Regarding claim 20, claim 20 is rejected the same as claims 1 and 15. Thus, argument presented in claims 1 and 15 is equally applicable to claim 20. Accordingly, Zhang discloses claim 20 of a non-transitory computer readable storage medium (via fig. 5:500: “Computer-readable medium”) tangibly embodying a program of instructions that, when executed by a computer, cause the computer to perform a method of defect detection on a specimen, the method comprising: 
obtaining a runtime image representative of at least a portion of the specimen;
processing the runtime image using a supervised model component to obtain a first output indicative of estimated presence of first defects on the runtime image, wherein the supervised model component is trained using a first training set including at least a plurality of first images each representative of at least a portion of the specimen and corresponding label data indicative of first defect distribution on the first images;
processing the runtime image using an unsupervised model component to obtain a second output indicative of estimated presence of second defects on the runtime image, wherein the unsupervised model is trained using a second training set including a plurality of second images each representative of at least a portion of the specimen, each second image being a reference image of a first image; and 
combining the first output and the second output using one or more optimized parameters to obtain a defect detection result of the specimen.  

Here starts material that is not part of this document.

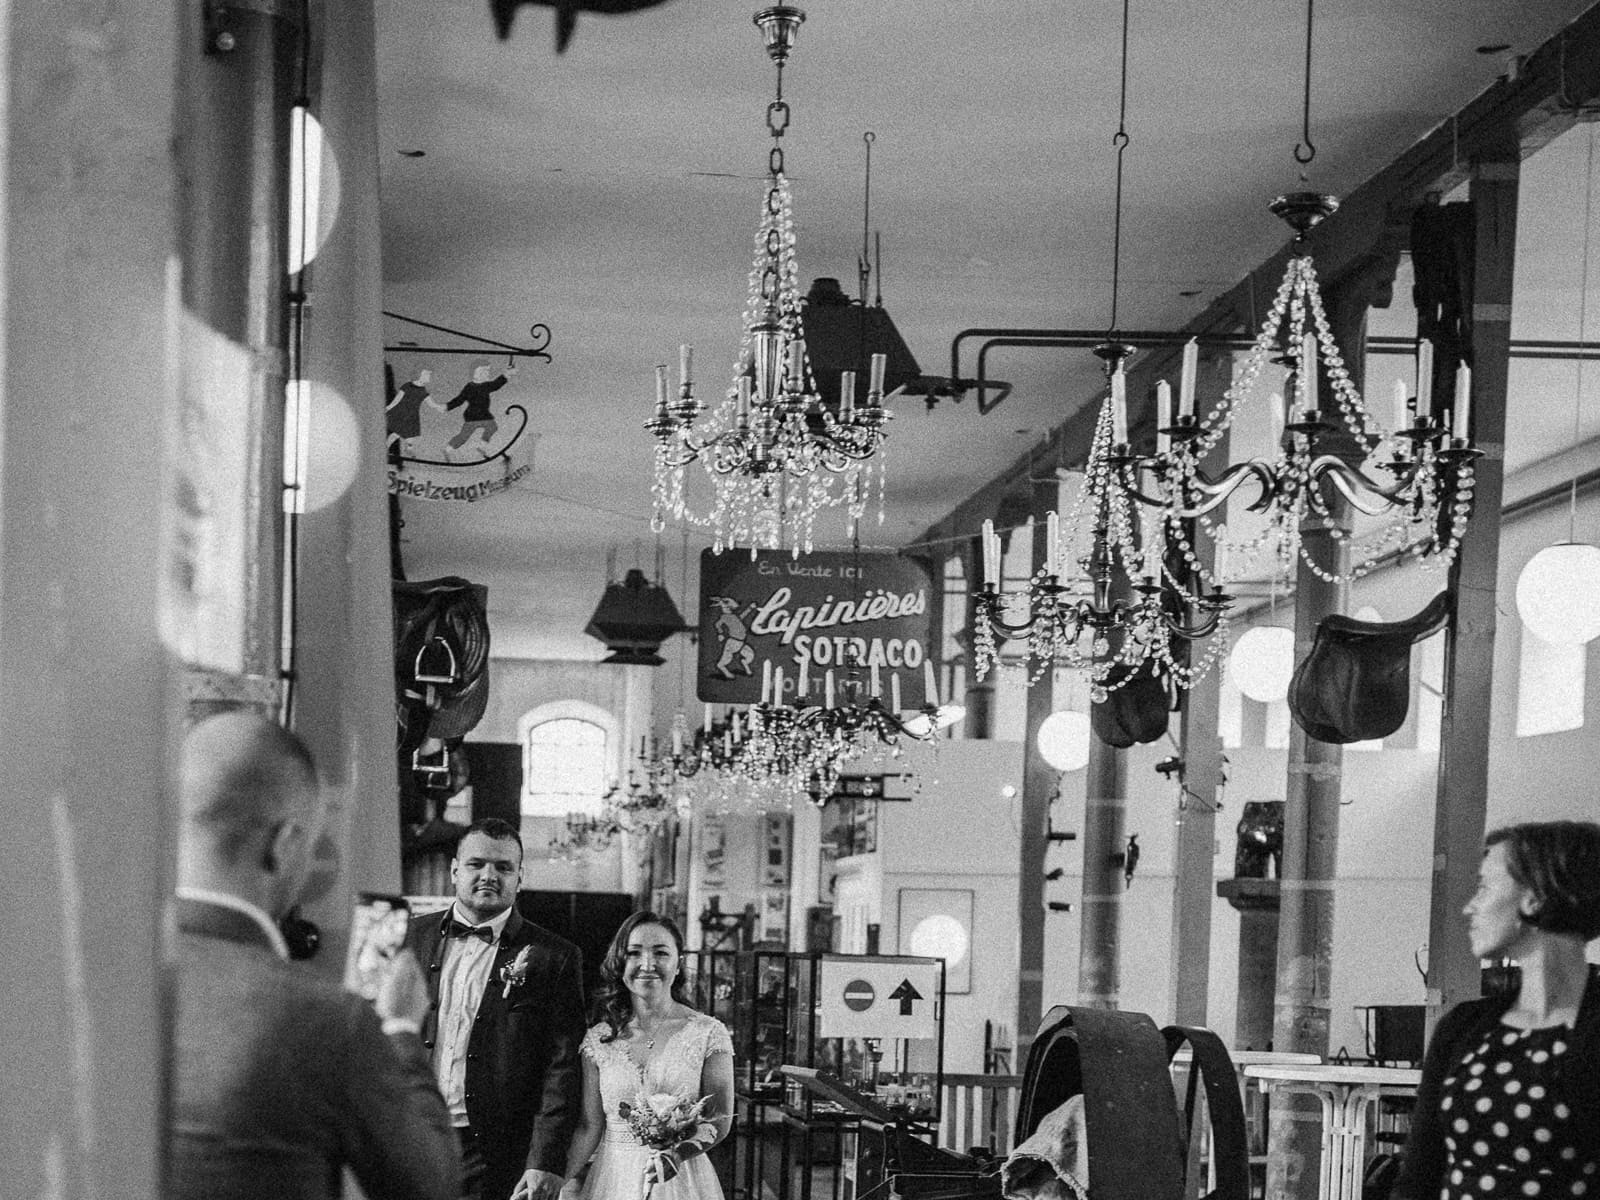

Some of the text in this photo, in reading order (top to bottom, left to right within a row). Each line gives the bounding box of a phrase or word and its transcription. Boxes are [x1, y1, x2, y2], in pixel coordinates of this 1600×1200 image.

[387, 471, 478, 503] Spielzeug
[757, 560, 864, 579] En Vente ICI
[792, 634, 923, 669] SOTRACO

Claim Rejections - 35 USC § 103
The following is a quotation of 35 U.S.C. 103 which forms the basis for all obviousness rejections set forth in this Office action:
A patent for a claimed invention may not be obtained, notwithstanding that the claimed invention is not identically disclosed as set forth in section 102, if the differences between the claimed invention and the prior art are such that the claimed invention as a whole would have been obvious before the effective filing date of the claimed invention to a person having ordinary skill in the art to which the claimed invention pertains. Patentability shall not be negated by the manner in which the invention was made.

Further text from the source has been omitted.